Tokyo Gas Co., Ltd. announced on December 12, 2007, that it has launched a pilot project to recover bioethanol and biogas from food waste generated by schools in Koto Ward, Tokyo. It has been selected by the Ministry of the Environment as a next-generation waste management technology development project, and is being conducted jointly with Koto Ward and Tokyo Environmental Public Service Corporation. Both bioethanol and biogas recovery processes will take place at the same plant; construction of the project's pilot plant started on December 17 on the premises of the Waste Collection Office in Koto Ward, and tests began on February 25, 2008.
In Koto Ward, about 200 kilograms of food waste from school lunches is generated daily by elementary and junior high schools. Once delivered to the plant, this food waste will be broken into pieces and enzymes added to saccharify carbohydrates. The saccharified waste is then squeezed to separate liquids and solids. Bioehanol is extracted from the liquid through fermentation, and biogas is recovered from a mixture of the solid portion and the liquid left over after ethanol is distilled. The targeted recovery amounts are five liters of bioethanol with more than 90 percent purity and 20 cubic meters of methane gas per day.

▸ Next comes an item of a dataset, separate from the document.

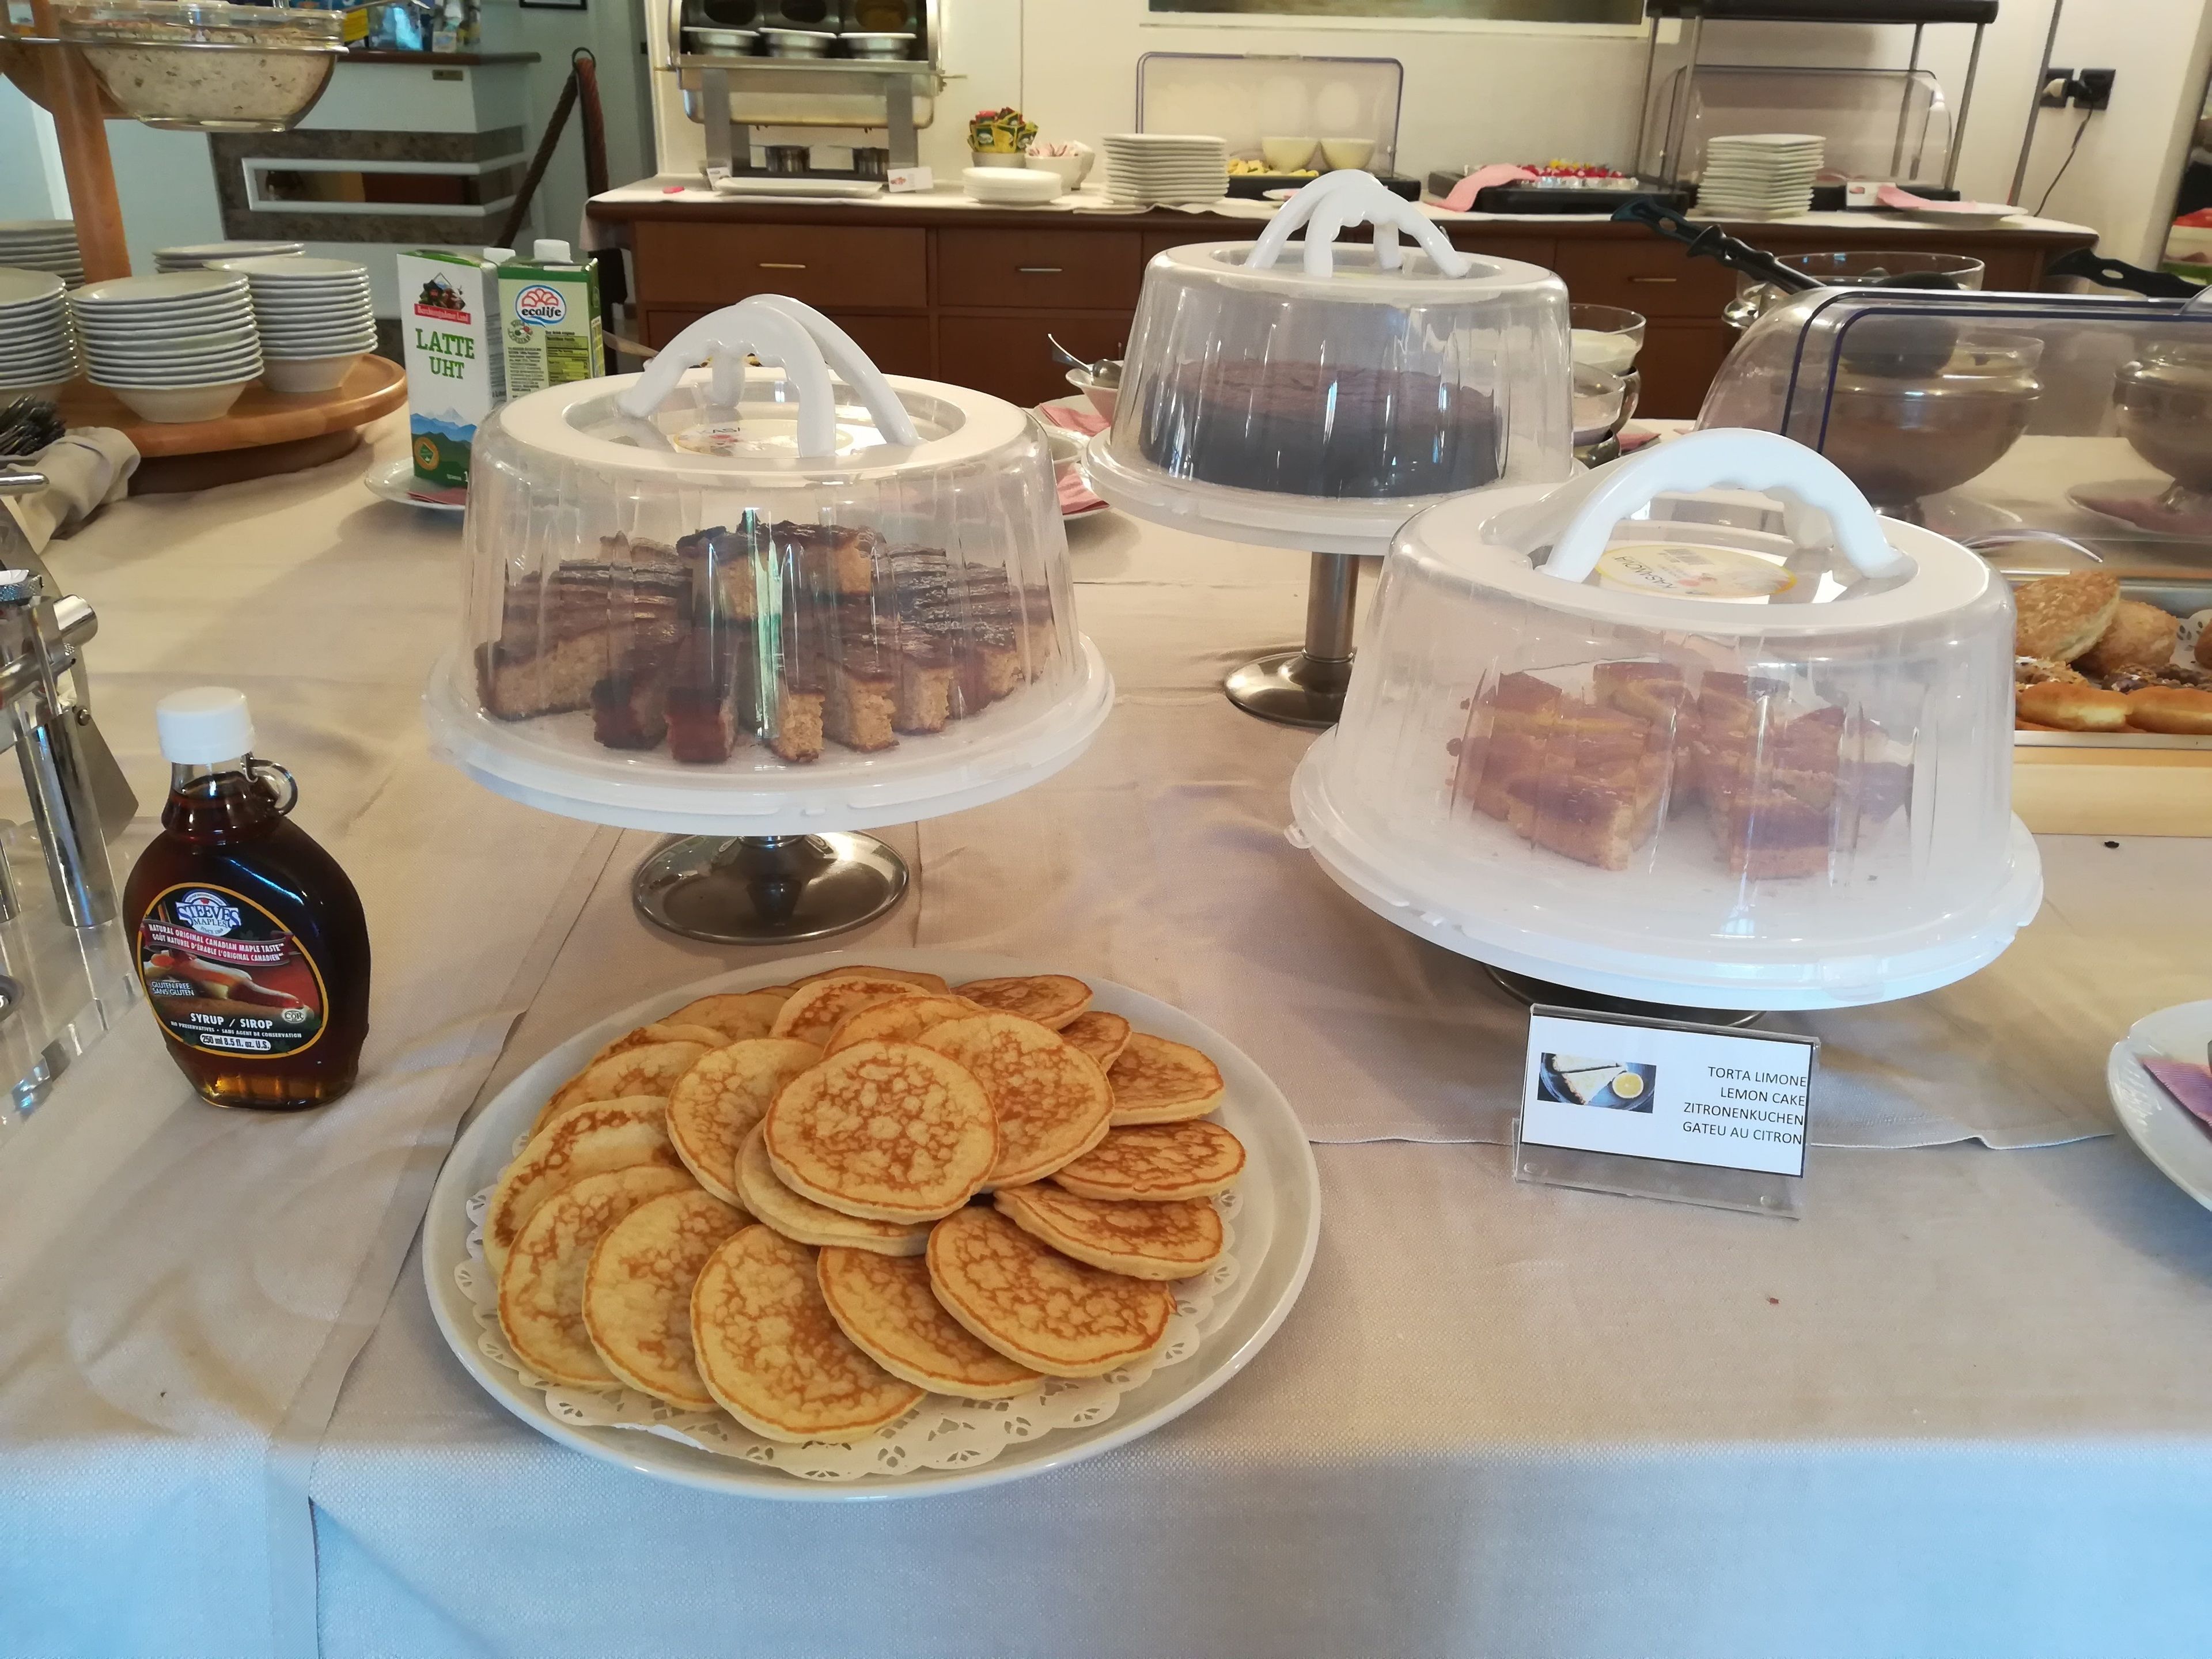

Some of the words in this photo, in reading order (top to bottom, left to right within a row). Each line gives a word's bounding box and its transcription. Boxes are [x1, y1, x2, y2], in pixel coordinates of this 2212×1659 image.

The aims of this pilot project are to verify a technology for producing bioethanol and biogas together, and to establish a more efficient and higher value-adding system of recycling energy as compared to conventional methane fermentation biogas recovery systems.
Tokyo Gas will contribute to environmental education with this project, for example raising local residents' awareness through plant tours. Since the pilot plant is small in scale, the company intends to use the recovered energy as a local resource; extracted ethanol will be used at schools and biogas will be used for a 9.9 kW generator and a boiler used to operate equipment and distill ethanol at the plant.